Formuler, c’est clarifier. Se formuler (c’est-à-dire comme Montaigne, essayer d’y parvenir), c’est se placer à suffisante distance pour que, du sujet que l’on est, nous nous transformions peu à peu en un objet – quant à lui scrutable, explorable, questionnable.

Jacques n’a cessé de lire. Soit, aussi bien, d’écrire. L’un étant l’avers de l’autre. Travaillant sur une oeuvre littéraire, la présentant en classe, il s’interrogeait sur lui-même. Derrière les masques dont joue le romancier ou le dramaturge, le créateur façonne des voix et des façons d’être ou de penser, toutes disparates, semble-t-il, mais qui nous offrent cependant l’opportunité de chercher la voix propre de l’oeuvre, la voix de l’écrivain. Double postulation du lettré qui manie aussi la plume.

La voix, le chemin. Jusqu’au dernier. – Comprenne qui pourra.

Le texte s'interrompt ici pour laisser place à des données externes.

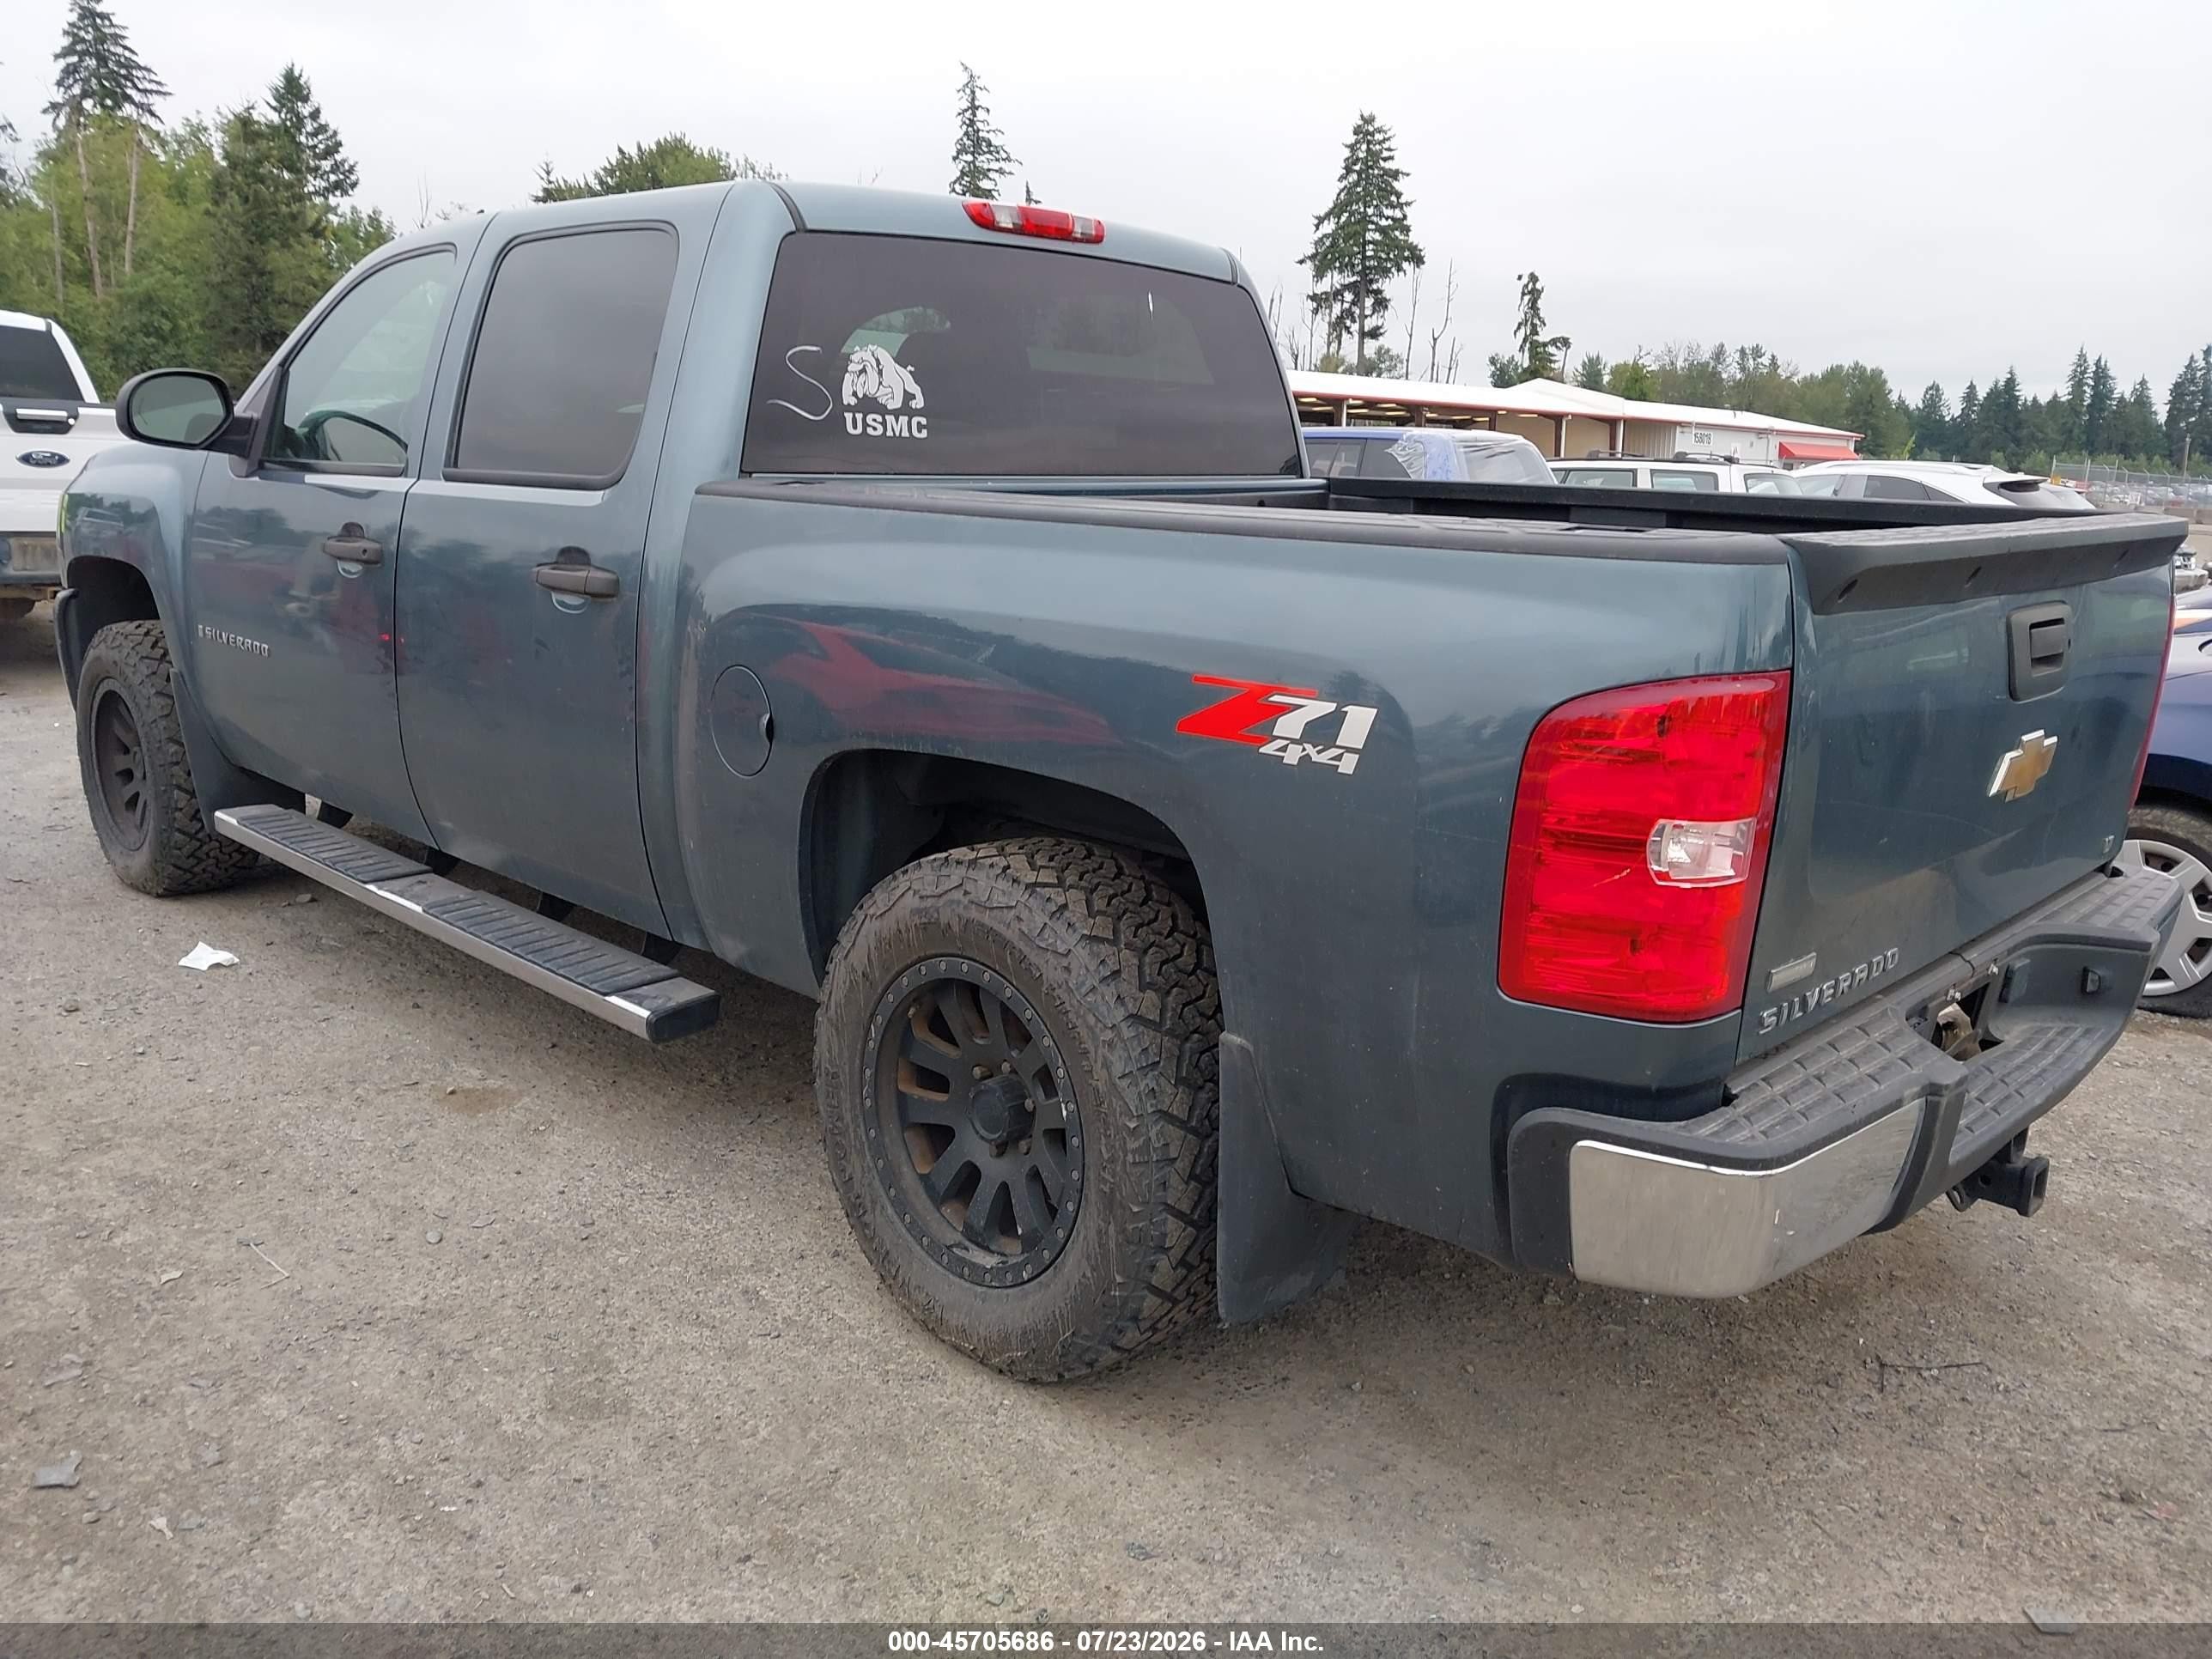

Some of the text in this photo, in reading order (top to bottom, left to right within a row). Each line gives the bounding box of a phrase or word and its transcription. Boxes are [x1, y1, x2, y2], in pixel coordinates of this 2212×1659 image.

[844, 412, 928, 439] USMC
[205, 627, 269, 659] SILVERADO
[1176, 673, 1378, 750] Z71
[1759, 947, 1899, 1035] SILVERADO
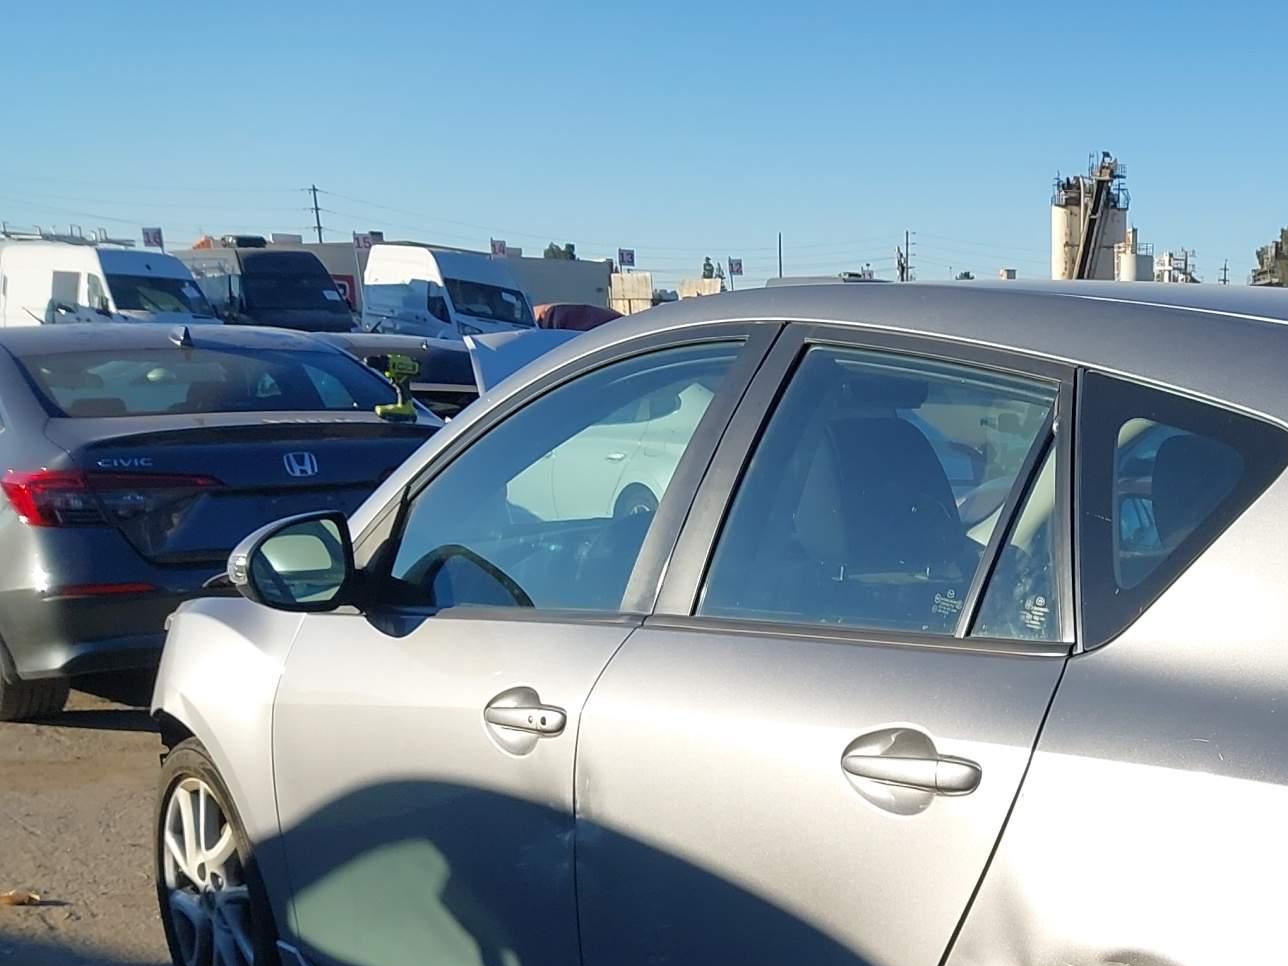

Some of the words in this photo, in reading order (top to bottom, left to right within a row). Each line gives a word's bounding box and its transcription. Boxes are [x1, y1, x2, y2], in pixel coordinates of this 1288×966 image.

[354, 236, 371, 248] 15
[619, 252, 634, 264] 13
[96, 457, 153, 468] CIVIC

Jacques aimait les jardins, la lumière des saisons, l’encre bleue, la pensée claire. Quatre cents ans après Montaigne, il prisait comme lui les livres de Sénèque, car cet idéaliste (au sens néo-platonicien du terme) s’efforçait aussi, notamment en l’enseignant, à élaborer, pour lui-même, une citadelle intérieure, digne de l’édifice mental projeté par Marc Aurèle. Équanimité impossible, mais fiévreusement désirée ; sens aigu de la gratitude envers les maîtres ; méditation sur l’homme au sein du cosmos ; du tout que l’empereur paraissait être et du rien si promptement voué à l’oubli qu’il était mêmement. Que faire du pouvoir? L’exercer avec justice. Justice du jugement, justesse de sa formulation. Que faire du savoir? En rendre le clair accès au plus grand nombre, si on en a la possibilité, ne jamais le brader, et a minima toujours s’efforcer de le transmettre autour de soi, en prouvant que celui qui sait va toujours en jouissant mieux de la beauté et, cependant qu’à défaut de les conjurer, il est en mesure de nommer précisément les désastres, parce que, très profondément, il les a mis en perspective, non moins qu’il en a vécu, et à ce titre, se trouve en situation de les analyser et de les commenter. Avec justice et justesse.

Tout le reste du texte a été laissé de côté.